* TASK BRIEF *
Print the listing as it stands, omitting all images.

* INPUT FOR THIS TASK *
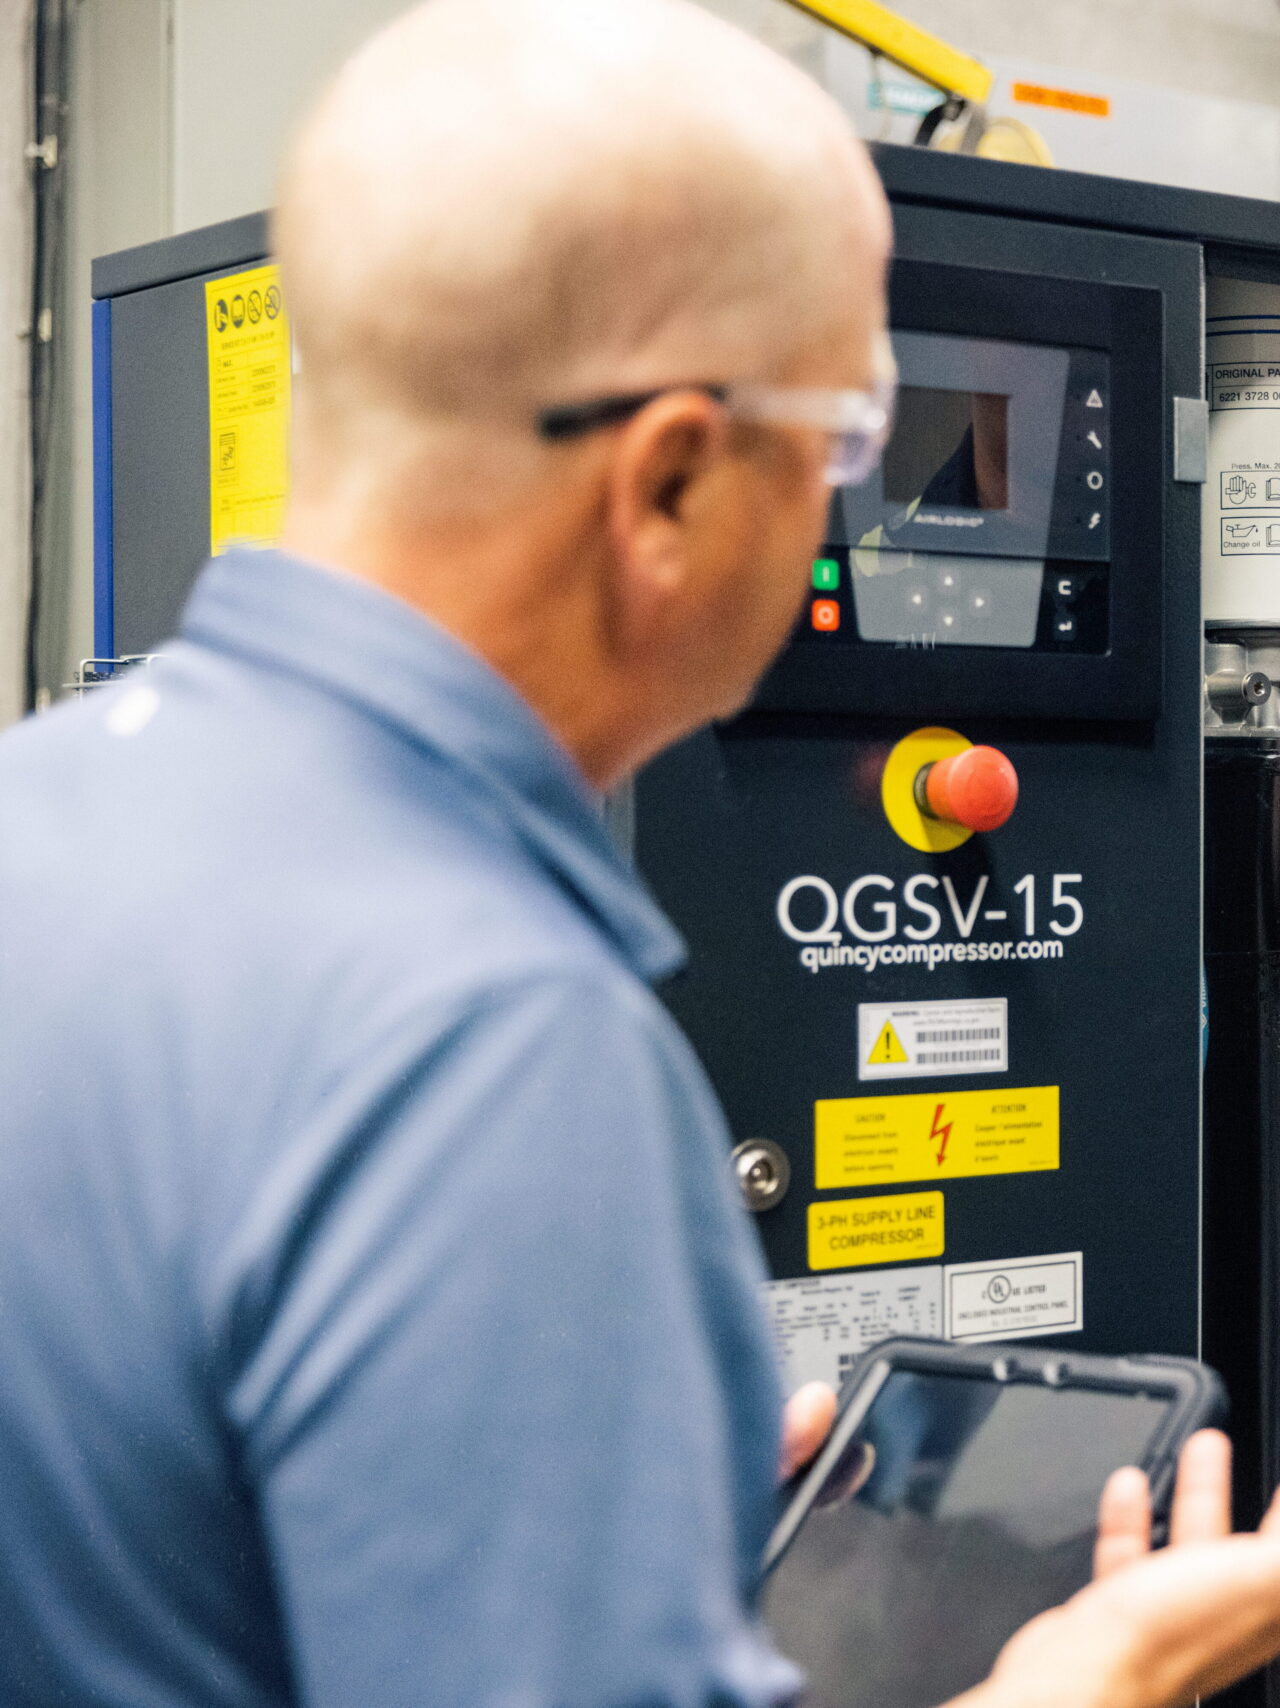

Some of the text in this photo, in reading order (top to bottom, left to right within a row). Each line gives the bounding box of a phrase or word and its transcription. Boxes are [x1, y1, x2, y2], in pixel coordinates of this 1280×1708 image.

[1215, 368, 1264, 379] ORIGINAL
[1219, 392, 1240, 402] 6221
[1244, 391, 1269, 401] 3728
[1223, 541, 1250, 549] Change
[777, 873, 1084, 943] QGSV-15
[801, 939, 1064, 974] quincycompressor.com
[817, 1205, 936, 1231] 3-PH SUPPLY LINE
[829, 1227, 925, 1251] COMPRESSOR

* ANSWER SPACE *
Some of the text in this photo, in reading order (top to bottom, left to right within a row). Each line gives the bounding box of a phrase or word and its transcription. Boxes are [x1, y1, x2, y2], in pixel coordinates of this 1280×1708 image.

[1215, 368, 1264, 379] ORIGINAL
[1219, 392, 1240, 402] 6221
[1244, 391, 1269, 401] 3728
[1223, 541, 1250, 549] Change
[777, 873, 1084, 943] QGSV-15
[801, 939, 1064, 974] quincycompressor.com
[817, 1205, 936, 1231] 3-PH SUPPLY LINE
[829, 1227, 925, 1251] COMPRESSOR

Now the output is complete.